Now, last year I was pretty shocked when I read the eminent translator Michael Hofmann's review in Poetry magazine of Herbert's Collected. Hofmann absolutely slates the new translation, by Alissa Valles; it is possibly the single most damning review I've ever read. I've just read it again and I find it hard even to think what I think about it. I realise as I write this that Alissa Valles is the poetry editor at Words Without Borders, so I know I probably shouldn't even mention it, but I always think it's better to know about the controversy rather than just wade in and not get what's going on. Much of his outrage seems to stem from a sense of grievance on behalf of the husband-and-wife team who have been translating Herbert for years, and who didn't translate this Collected; and from a sense of outrage at the literary-world wrangling that went into the commissioning of the book, with Andrew "the Jackal" Wylie, of fame (though thankfully not of "Fame"), coming into it.
But Hofmann's article is very interesting for other reasons and in other ways. First, it explicitly discusses at length the question that always plagues me: what is translation for, what can it achieve, how much does poetry suffer under it? It provides some real insight into how a translator approaches his work. Also, in his discussion at the end of all the egregious things Valles is supposed to have done wrong, he gives a sort of masterclass in sloppy diction. I think workshop poets everywhere, and many published poets in many locations, should read this and then go and look again at their own work.

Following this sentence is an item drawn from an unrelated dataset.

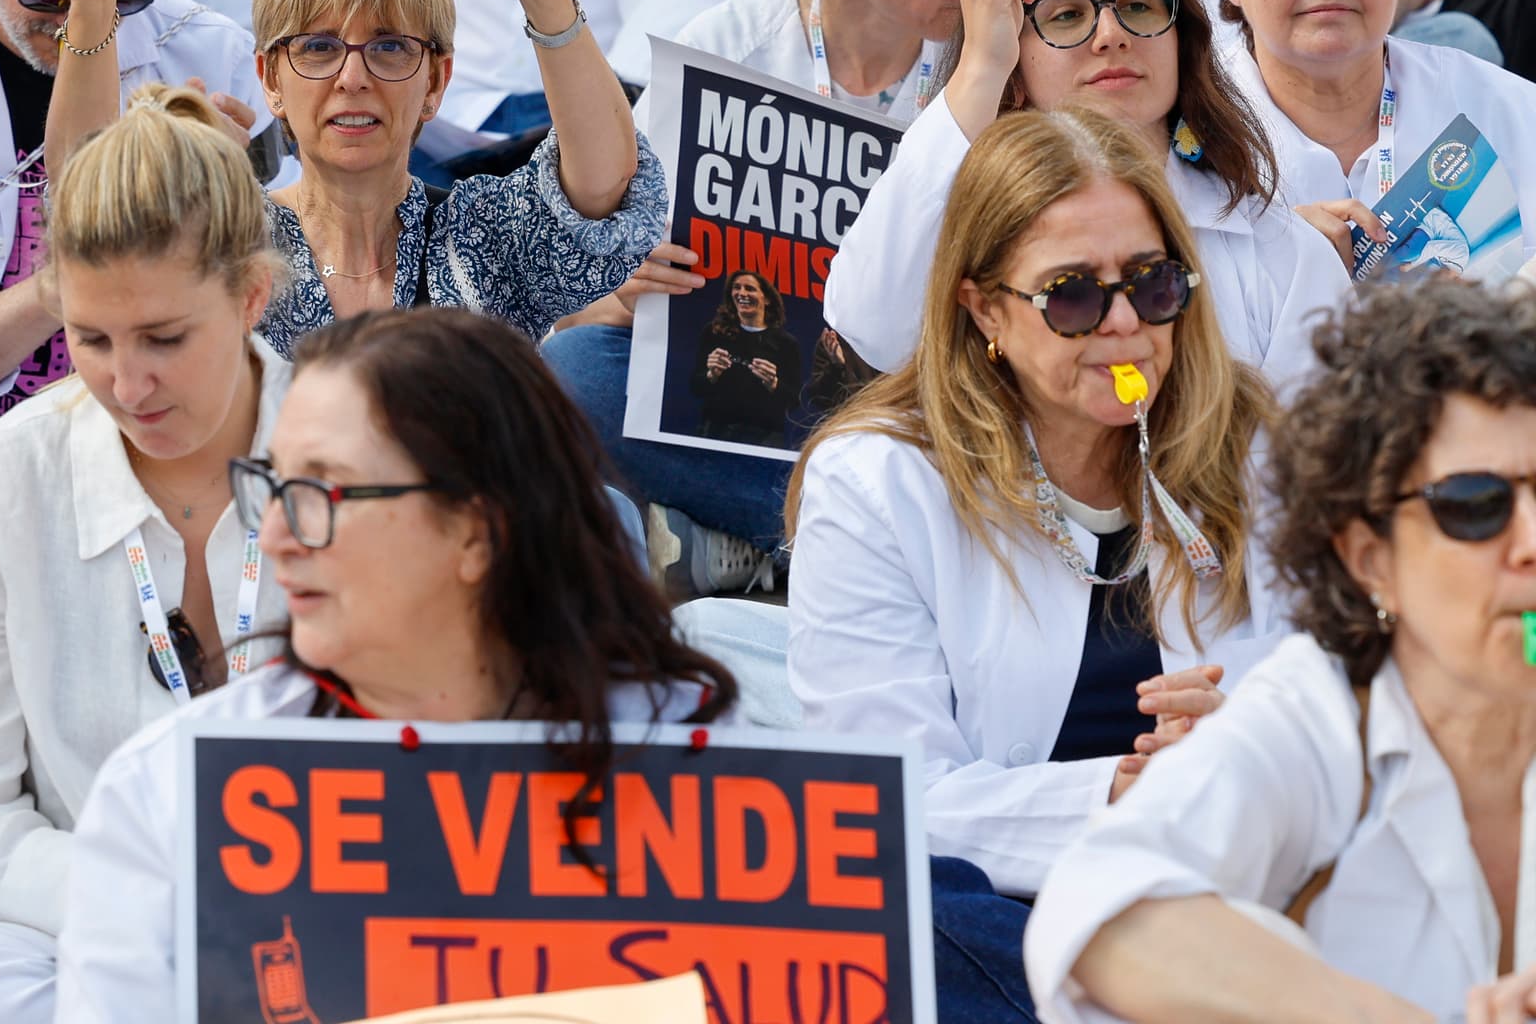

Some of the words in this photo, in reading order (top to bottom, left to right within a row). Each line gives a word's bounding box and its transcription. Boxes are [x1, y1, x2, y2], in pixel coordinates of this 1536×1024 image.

[1357, 232, 1399, 281] DIGNIDAD
[219, 765, 389, 894] SE
[427, 771, 885, 910] VENDE

I don't intend to say that Valles' translation is no good or that she is some kind of living exemplar of the sloppiness that I, too, hate in so much contemporary writing; I think Hofmann comes across as too unreliable a narrator for that, with - frankly - his complete inability to see anything good in Valles, or to exonerate her from what were surely editorial decisions. (I also disagree completely with his whole extraordinary section about "choice - the great false god of our consumer age" and how a great poet should, be definition seemingly, have ony one, equally great, translator; he trashes utterly Valles' perfectly equable, I thought, assertion that a poet should have many translators.) But I do think that in the pained quivering of his delicate instrument we can learn how perfection might sound. It's like being given a cup of tea by one of those few people in the world who taste tea leaves for a living.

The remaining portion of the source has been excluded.